As seen from Fig. 12, the mean percentage error for the individual observations is least for the proposed energy prediction model than the reported energy prediction models. The adaptability of suggested energy prediction model for varying peak power capacity is also inferred on its application to PV plant at Durban.

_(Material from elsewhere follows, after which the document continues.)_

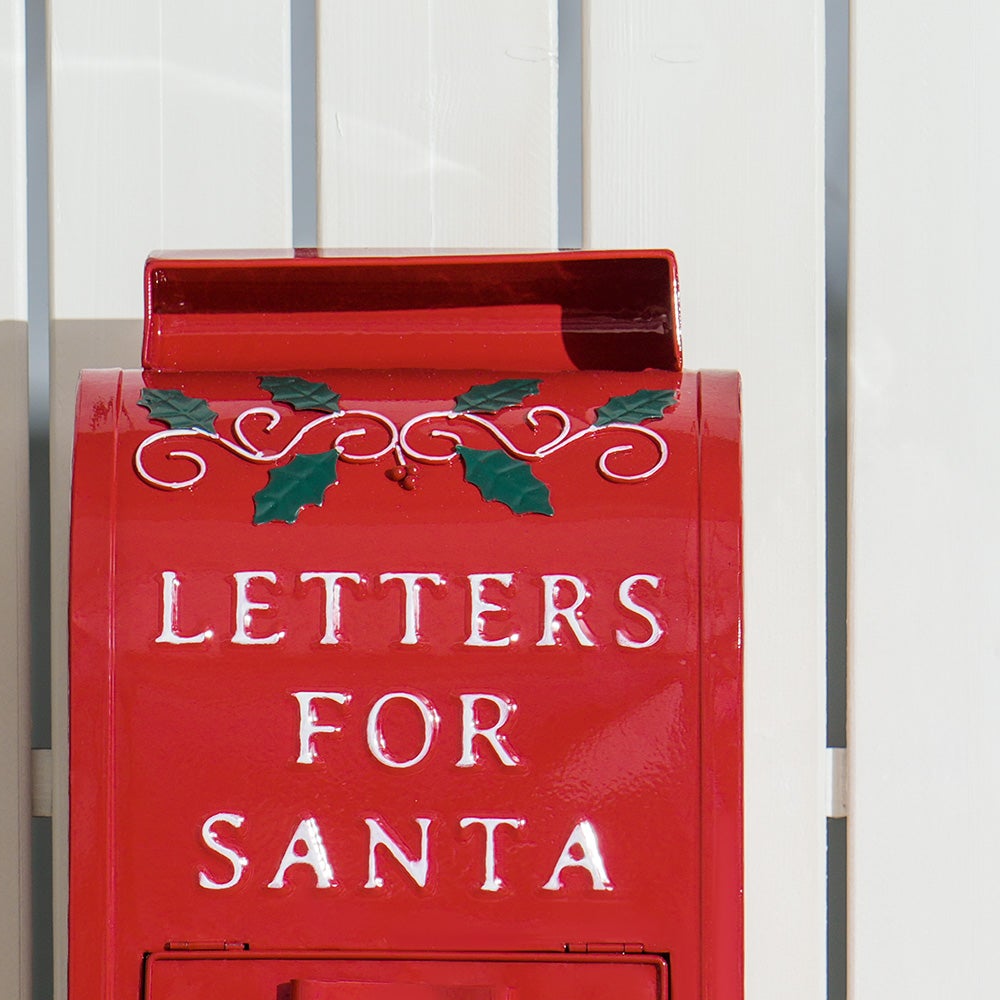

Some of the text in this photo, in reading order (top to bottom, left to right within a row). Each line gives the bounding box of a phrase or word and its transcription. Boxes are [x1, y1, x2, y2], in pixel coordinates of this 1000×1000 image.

[154, 571, 666, 649] LETTERS
[290, 691, 521, 769] FOR
[198, 812, 614, 892] SANTA

The advantage of the modified empirical energy prediction model lies in the incorporation of system independent or metrological factors for energy prediction. Furthermore, the model is limited to real-time monitored input parameters such as ambient temperature and wind speed. In addition, the improved accuracy of the proposed model resulted due to the account of factors emphasized through performance (electrical) and exergy (thermal) analysis.

5 Summary

In order to experience improved prediction accuracy multi-parametric model is preferred over single parametric model. In addition, incorporation of significant input factors affecting energy generation also plays a vital role in yielding improved prediction accuracy. An improved empirical model for prediction of monthly average daily global horizontal irradiance tested for locations of Madurai/Sivagangai and Chennai are proposed. Furthermore, an improved energy prediction model is also formulated with predicted global irradiance for a 5 MWp PV system whose AC energy generation is predicted over a long term horizon (monthly average daily). The advantage of the proposed models includes its limitation towards real time measured input parameters which is absent in the existing empirical model. Moreover, the cost experienced for measuring the independent model parameters should be less than the direct measurement of the depended parameter or the desired response (global irradiance and energy generation). This becomes the adequate necessity of an empirical model. Hence, the proposed models lie in line with this adequate necessity.